Urbert remembered how he’d congratulated himself after realizing that he’d made the sky fly. made it fly back where it could shine.

On a day that began much like any other, Urbert’s sensitive nose detected the scent of rain on the breeze. He searched the sky for clues, but there were no gray-blue clouds, only wispy, white smoke-like drifts, scurrying hither and thither on the stiff breeze.

But Urbert knew—he knew his day had come.

A single drop of water on his forehead alerted Urbert; the deluge was building; the storm was close.

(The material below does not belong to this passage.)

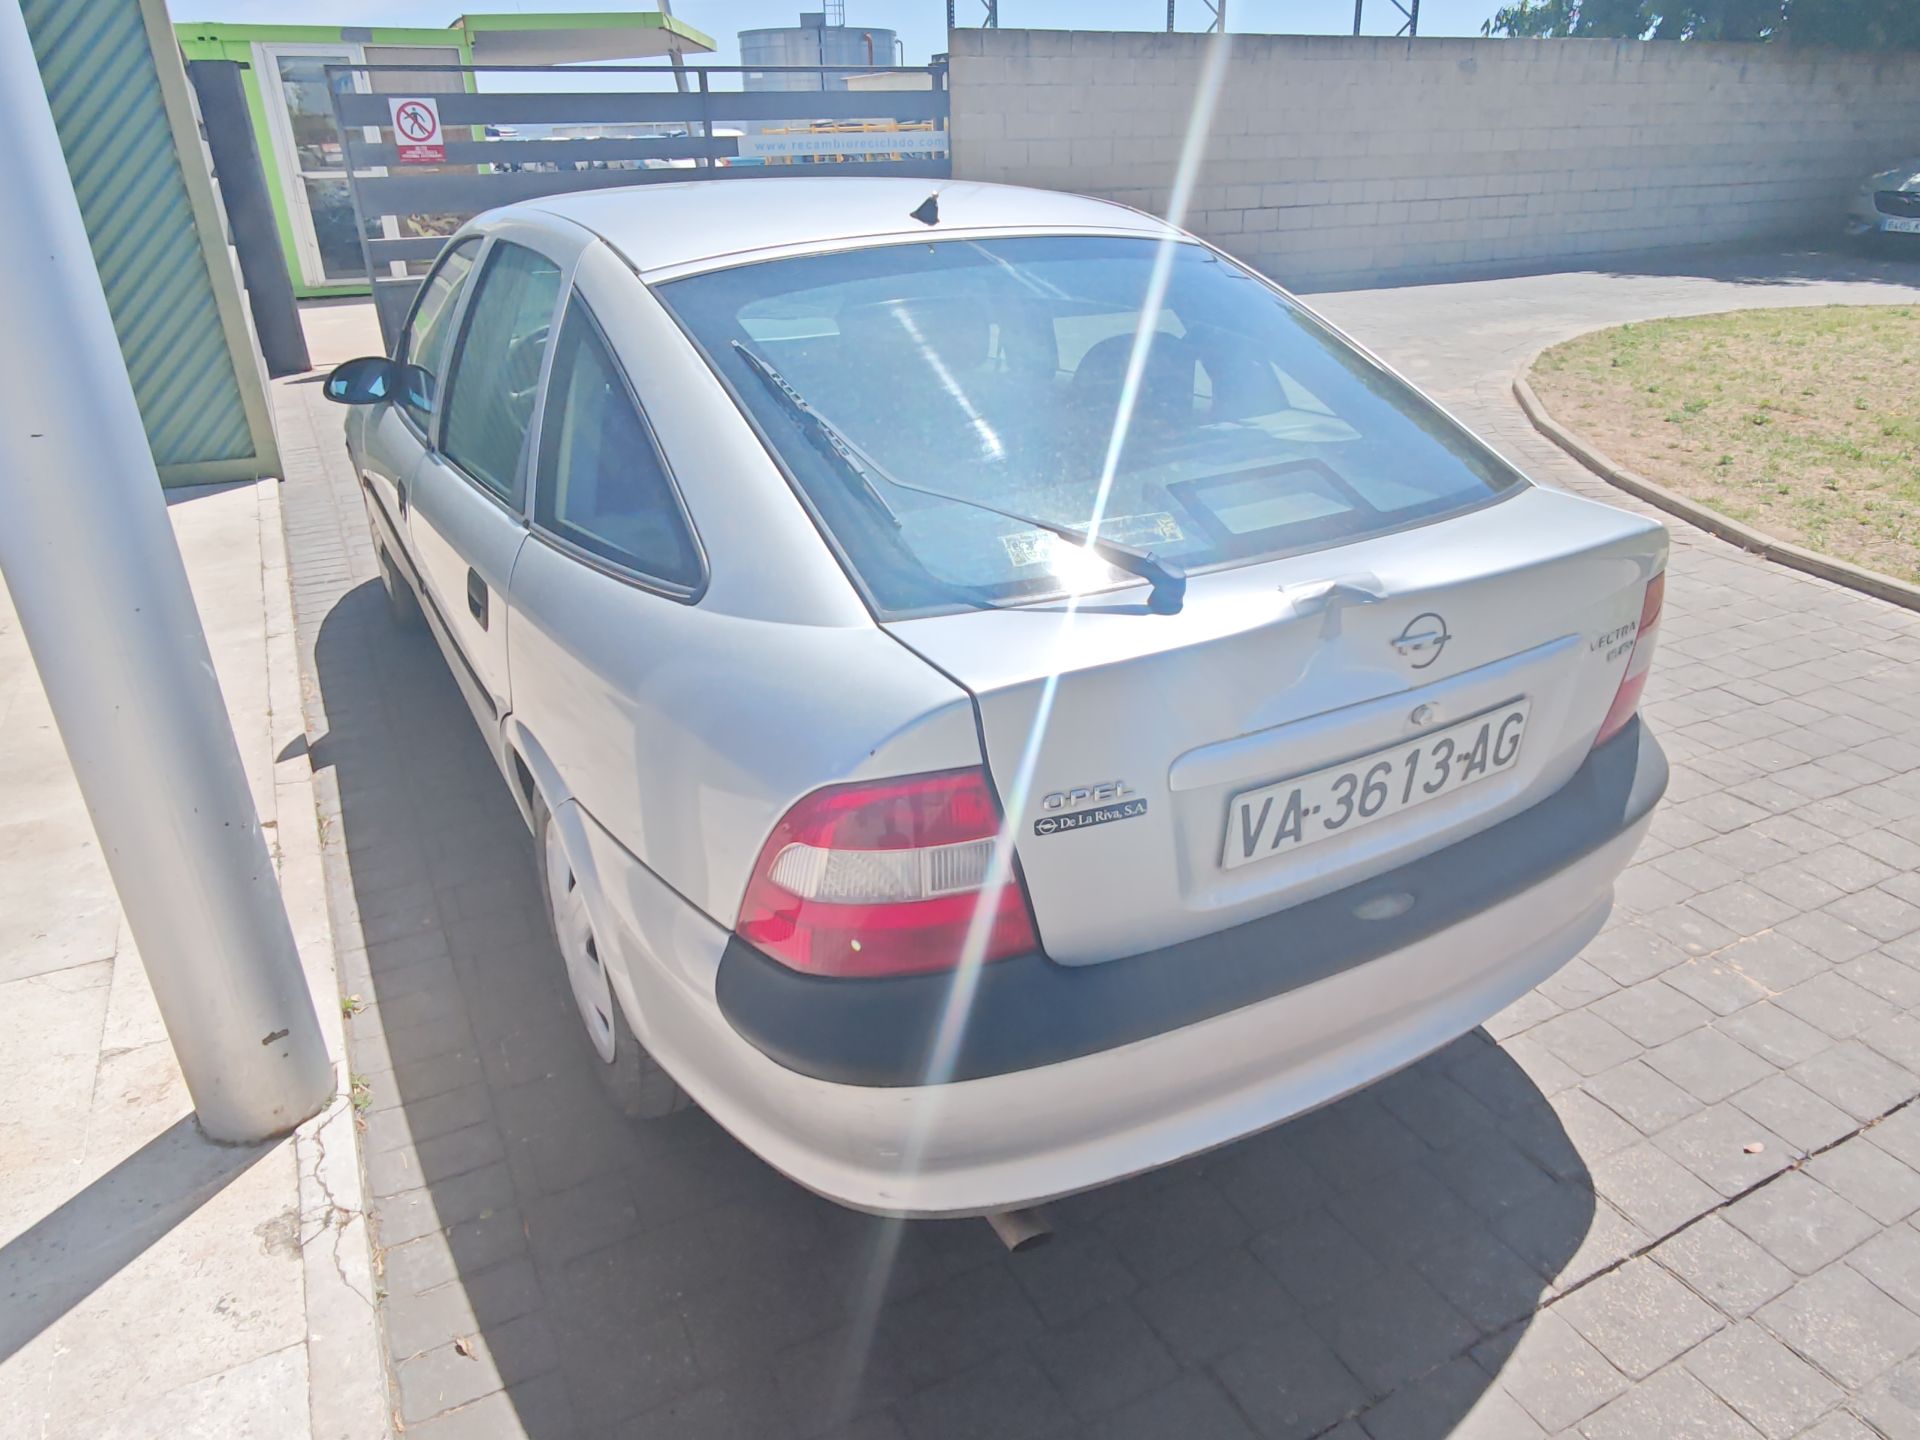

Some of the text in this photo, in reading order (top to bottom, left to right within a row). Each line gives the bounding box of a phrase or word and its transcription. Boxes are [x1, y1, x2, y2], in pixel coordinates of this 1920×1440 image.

There were no blue-gray clouds. None.

But he watched the heavens, waiting for the dance of fate, waiting for his chance.

Then…

A cloud seemed to burst overhead. The world darkened, and the rain... the rain was accompanied by distraught outbursts of pain that lit up his vista with jagged bolts of sizzling fire. The heavens screamed out in agonizing drumrolls that forced him to plug his ears with his fingers.

But still, adrenaline flooded. He was ready.

It started slowly at first, but then the sky was everywhere, pockmarked in pools and lying on the ground. Urbert knew that this was just theatrics. A farce... a trick to perplex.

The sky couldn’t fall unless the stones cried out in anger. So he waited.

When they came, the stones came with pelting force, battering the sky as it lay in perfect reflection on the shimmering pools. Water held the sky’s life force in a ripple.

Urbert took a deep breath. He crossed himself. He saw the sky twinkle in the pool of water that lay at his feet.

Urbert knew that time was of the essence. He stood on tiptoe and pushed himself into a diving flight. Urbert dove in after it.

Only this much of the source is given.